Missionario geniale e polivalente, padre Cagnolo fu carrettiere e carovaniere, muratore e cappellano militare, direttore di seminario e vicario generale della diocesi; parroco e fondatore dell’Azione cattolica, direttore di tipografia e scrittore di articoli e libri; etnologo e musico. Costruì scuole-cappelle in paglia e fango e la prima chiesa in muratura della diocesi di Nyeri. Fu chiamato a svolgere incarichi di fiducia in India, Somalia e Sud Africa. Ma il cuore rimase sempre tra i kikuyu, dei quali conosceva la lingua kikuyu come le sue tasche: ciò gli permise di penetrare nell’anima di quel popolo.
È soprattutto nel campo culturale che padre Cagnolo profuse intelligenza e zelo missionario.
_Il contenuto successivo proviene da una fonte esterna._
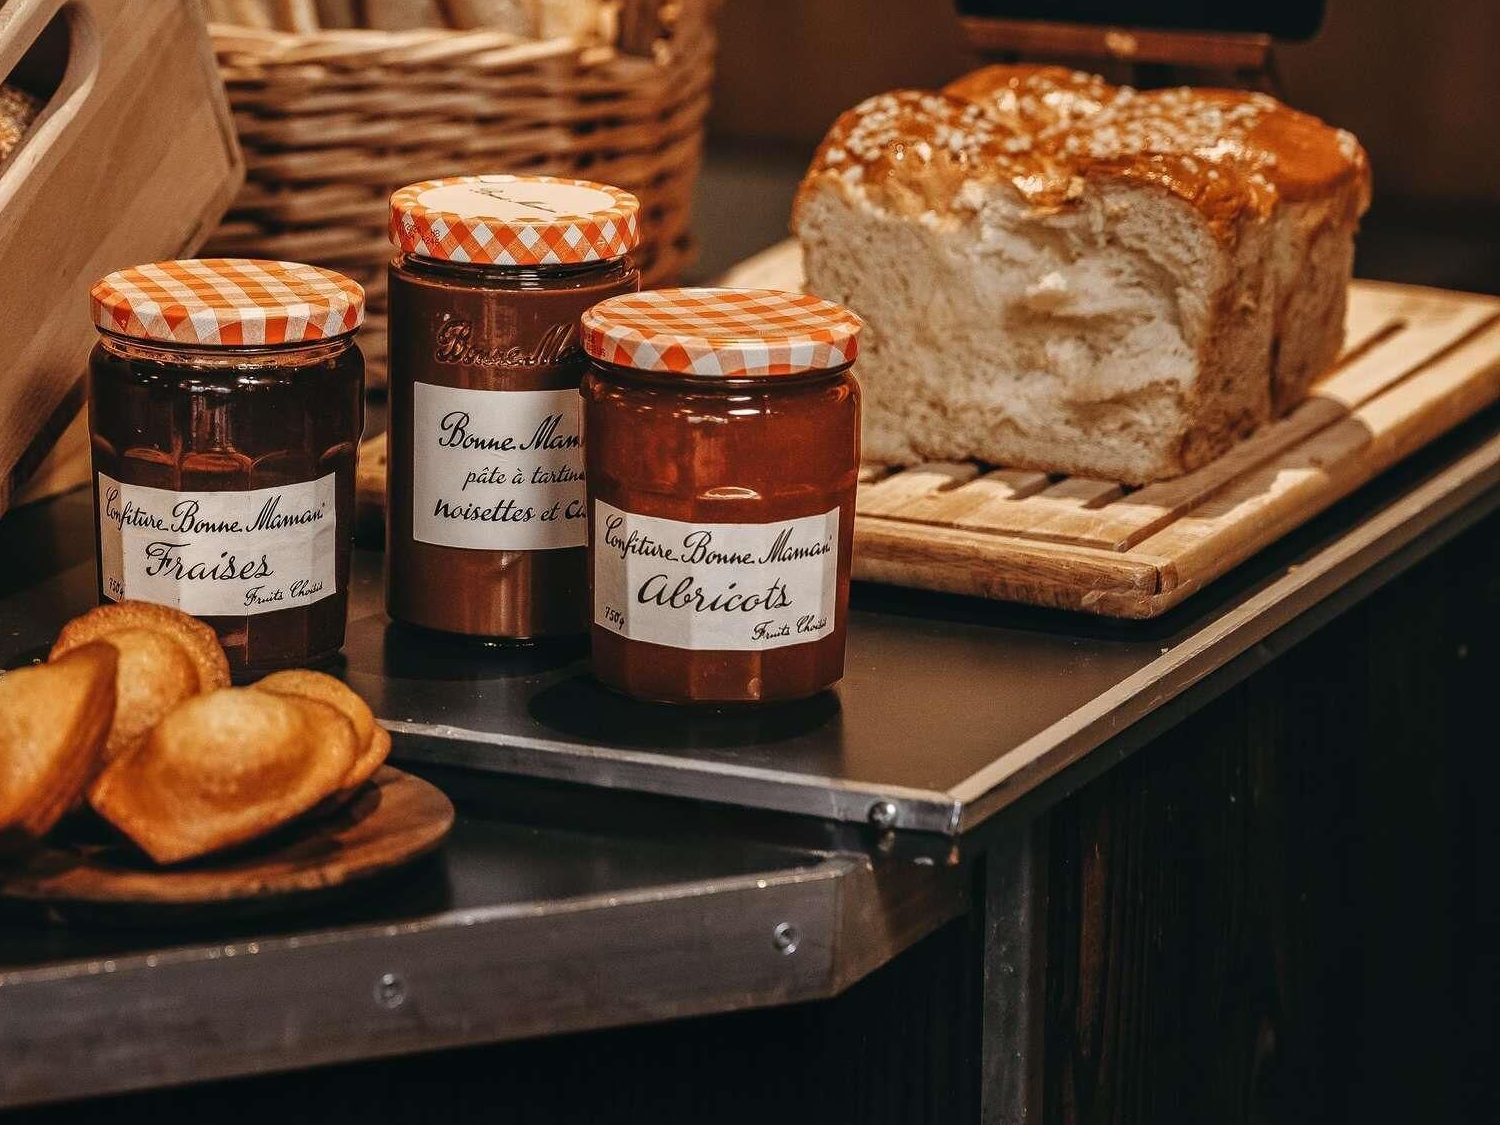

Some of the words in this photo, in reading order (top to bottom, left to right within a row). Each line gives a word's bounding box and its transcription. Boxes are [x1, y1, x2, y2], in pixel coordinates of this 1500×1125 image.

[438, 411, 516, 451] Bonne
[462, 466, 506, 491] pâte
[511, 467, 525, 484] à
[106, 486, 168, 531] Confiture
[171, 500, 242, 533] Bonne
[246, 494, 324, 532] Maman
[540, 501, 560, 522] et
[605, 513, 678, 559] Confiture
[681, 530, 755, 565] Bonne
[759, 526, 831, 564] Maman
[145, 541, 274, 581] Fraises
[244, 585, 283, 606] Fruits
[637, 574, 792, 612] Abricots
[604, 606, 625, 630] 750g
[751, 619, 790, 641] Fruits
Fu incaricato di ordinare il materiale raccolto da vari missionari che, fuso con i frutti della sua esperienza, venne pubblicato in inglese, nel 1933, col titolo: The Akikuyu. Questo studio etnografico, il primo del genere su costumi e tradizioni, folclore e religione dei kikuyu, riscosse grande interesse e fu altamente apprezzato in ambienti scientifici. Un estratto della monografia fu pubblicato in italiano nel 1954 col titolo: Kikuyu e mau mau.
Oltre ai numerosi articoli di carattere etnografico e missiologico, pubblicati in Missioni Consolata e altre riviste, padre Cagnolo compose un’infinità di articoli e libri di argomento religioso in kikuyu, come Athure a Eklesia: profili di santi per tutti i giorni dell’anno.
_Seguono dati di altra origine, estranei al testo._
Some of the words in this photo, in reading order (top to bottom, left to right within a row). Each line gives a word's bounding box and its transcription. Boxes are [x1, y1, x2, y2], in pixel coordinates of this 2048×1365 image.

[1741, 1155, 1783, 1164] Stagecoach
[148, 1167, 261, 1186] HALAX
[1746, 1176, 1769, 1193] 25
Spese gli ultimi anni della vita nel settore stampa della diocesi di Nyeri; diresse la tipografia e la pubblicazione del Wathiomo Mokinyu (amico vero), mensile che giocò un ruolo fondamentale nella formazione religiosa, civile e culturale del popolo kikuyu.
Anche il suo estro musicale si rivelò prezioso per l’evangelizzazione: studiò motivi ed elementi dei canti kikuyu e su di essi compose inni sacri e canzoni che incontrarono larga popolarità.
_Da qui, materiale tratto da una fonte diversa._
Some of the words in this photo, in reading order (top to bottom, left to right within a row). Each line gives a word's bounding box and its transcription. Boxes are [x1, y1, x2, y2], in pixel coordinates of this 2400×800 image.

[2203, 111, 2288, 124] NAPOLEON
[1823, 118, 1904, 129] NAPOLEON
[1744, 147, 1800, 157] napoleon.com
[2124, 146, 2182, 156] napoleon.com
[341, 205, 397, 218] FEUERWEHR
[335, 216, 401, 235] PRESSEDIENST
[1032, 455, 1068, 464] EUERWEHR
«Sovente muore l’uomo, ma non la sua idea» aveva scritto nel 1938 nella prefazione al direttorio dell’Azione cattolica. Mettere tutta l’intelligenza a servizio della missione, per incarnare il vangelo nella cultura locale, fu l’ideale perseguito da padre Cagnolo e lo vide realizzato: in punto di morte ricevette la prima benedizione del primo vescovo kikuyu, mons. Cesare Gatimo. Per tale evento, nel lontano 1915, aveva raccolto i primi seminaristi a Tuthu e poi, per tanti anni, era stato formatore nel seminario di Nyeri.
COME UN OROLOGIO
padre Giovanni Chiomio (1889-1979)
«Se si perdesse il libro delle regole – diceva l’Allamano – ognuno di voi ne sia una copia vivente». Padre Giovanni Chiomio lo prese alla lettera, fino a sconfinare abbondantemente nella pedanteria. Non perdeva occasione per abbordare i confratelli, specie i seminaristi, per ripetere le parole del fondatore, con precisi dettagli su giorno, ora e luogo in cui erano state pronunciate. E continuava per ore, finché qualche smaliziato accennava al suono del campanello. Sordo come un battaglio di campana, padre Chiomio si chiudeva la bocca con la mano e diceva: «È la voce di Dio!».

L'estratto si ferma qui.